Mini-grant helps Gwinn High School purchase drug-affected simulator babies

A Marquette County High School received a mini-grant Tuesday for its health class.

Gwinn High School’s Youth Advisory Council used the $400 in grant money to purchase two Real Care Drug-Affected simulator babies.

The babies will be tied into curriculum to teach students the affects drugs can have on babies.

“The drug-affected baby, when you turn it off and on, it has real-life tremors and it cries like a real-life drug-affected baby would,” Gwinn High School student Molly Smith said.  “With the alcohol-syndrome baby it doesn’t actually turn on but it shows you the real-life characteristics of what a fetal alcohol syndrome baby would have.”

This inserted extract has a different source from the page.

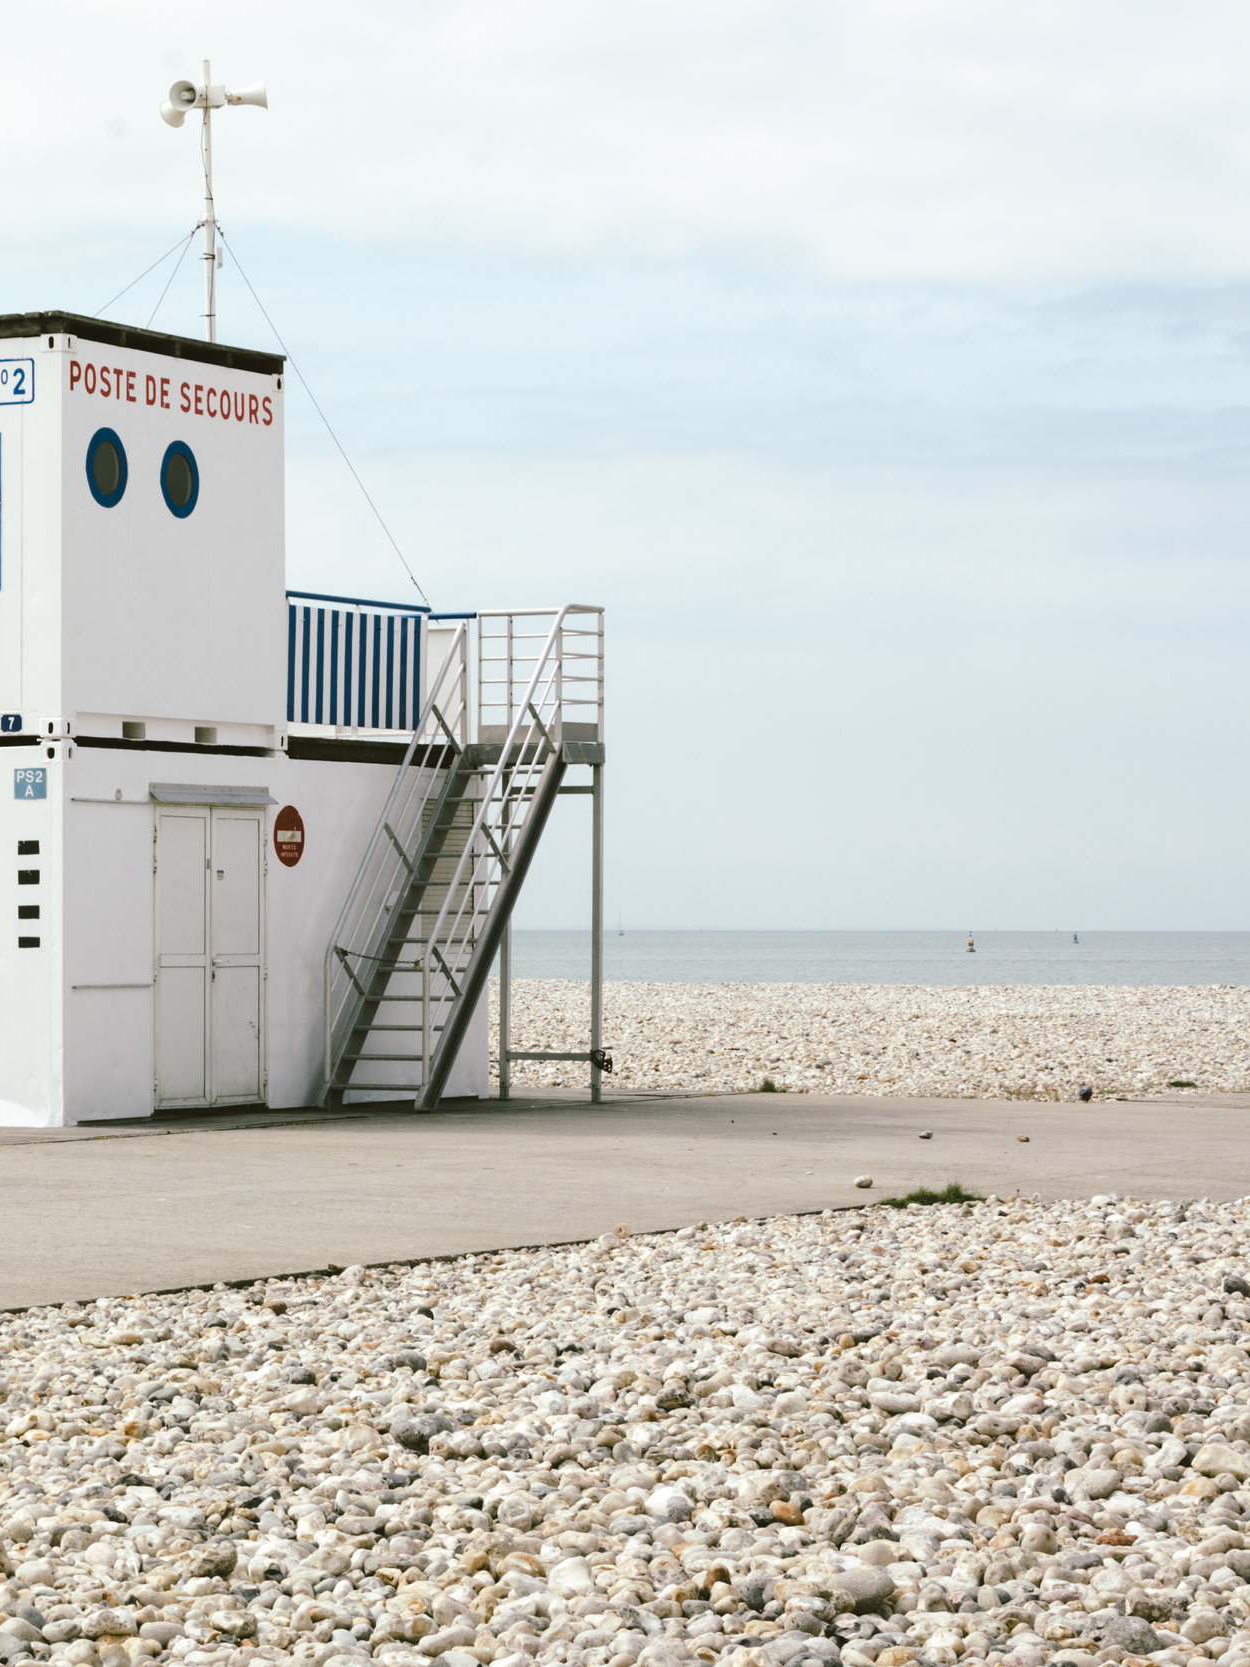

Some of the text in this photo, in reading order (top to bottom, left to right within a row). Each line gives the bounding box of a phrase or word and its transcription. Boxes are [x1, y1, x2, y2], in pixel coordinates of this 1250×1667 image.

[70, 360, 273, 426] POSTE DE SECOURS
[7, 717, 15, 730] 7
[16, 770, 43, 783] PS2
[24, 784, 34, 797] A
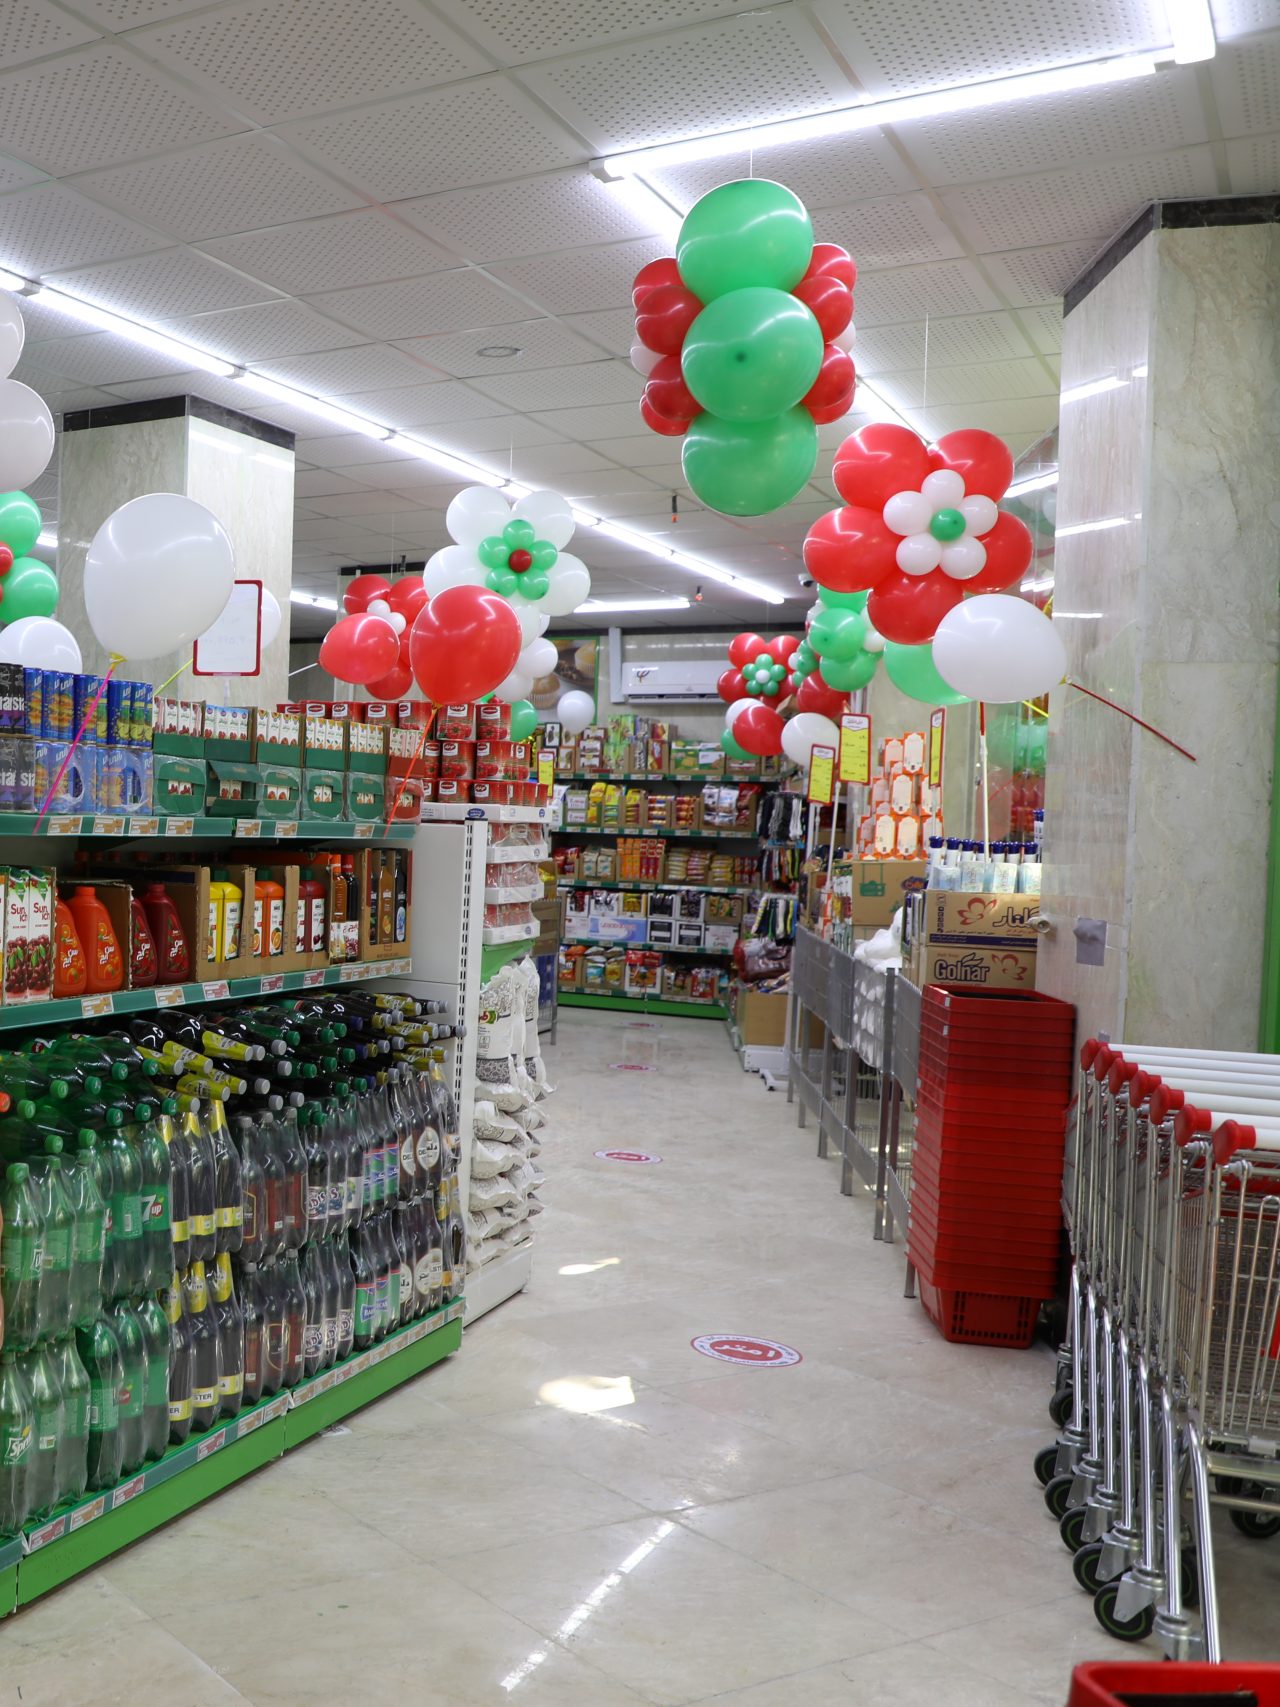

“(Angela Micheau, a teacher at Gwinn High School) wants the kids to learn from this experience of being able to see them (the simulator babies) and hold them, feel how it shakes and listen to it cry, and realize that drinking and doing drugs if you’re pregnant is not a joke and there are real life issues that come along with having this baby and its a very big consequence.”

Smith and Victoria Dean were honored by the Marquette County Substance Abuse Prevention Coalition for writing the mini-grant.  They also gave a presentation to the coalition about the Youth Advisory Council and the impact the teen clinic has had on the school.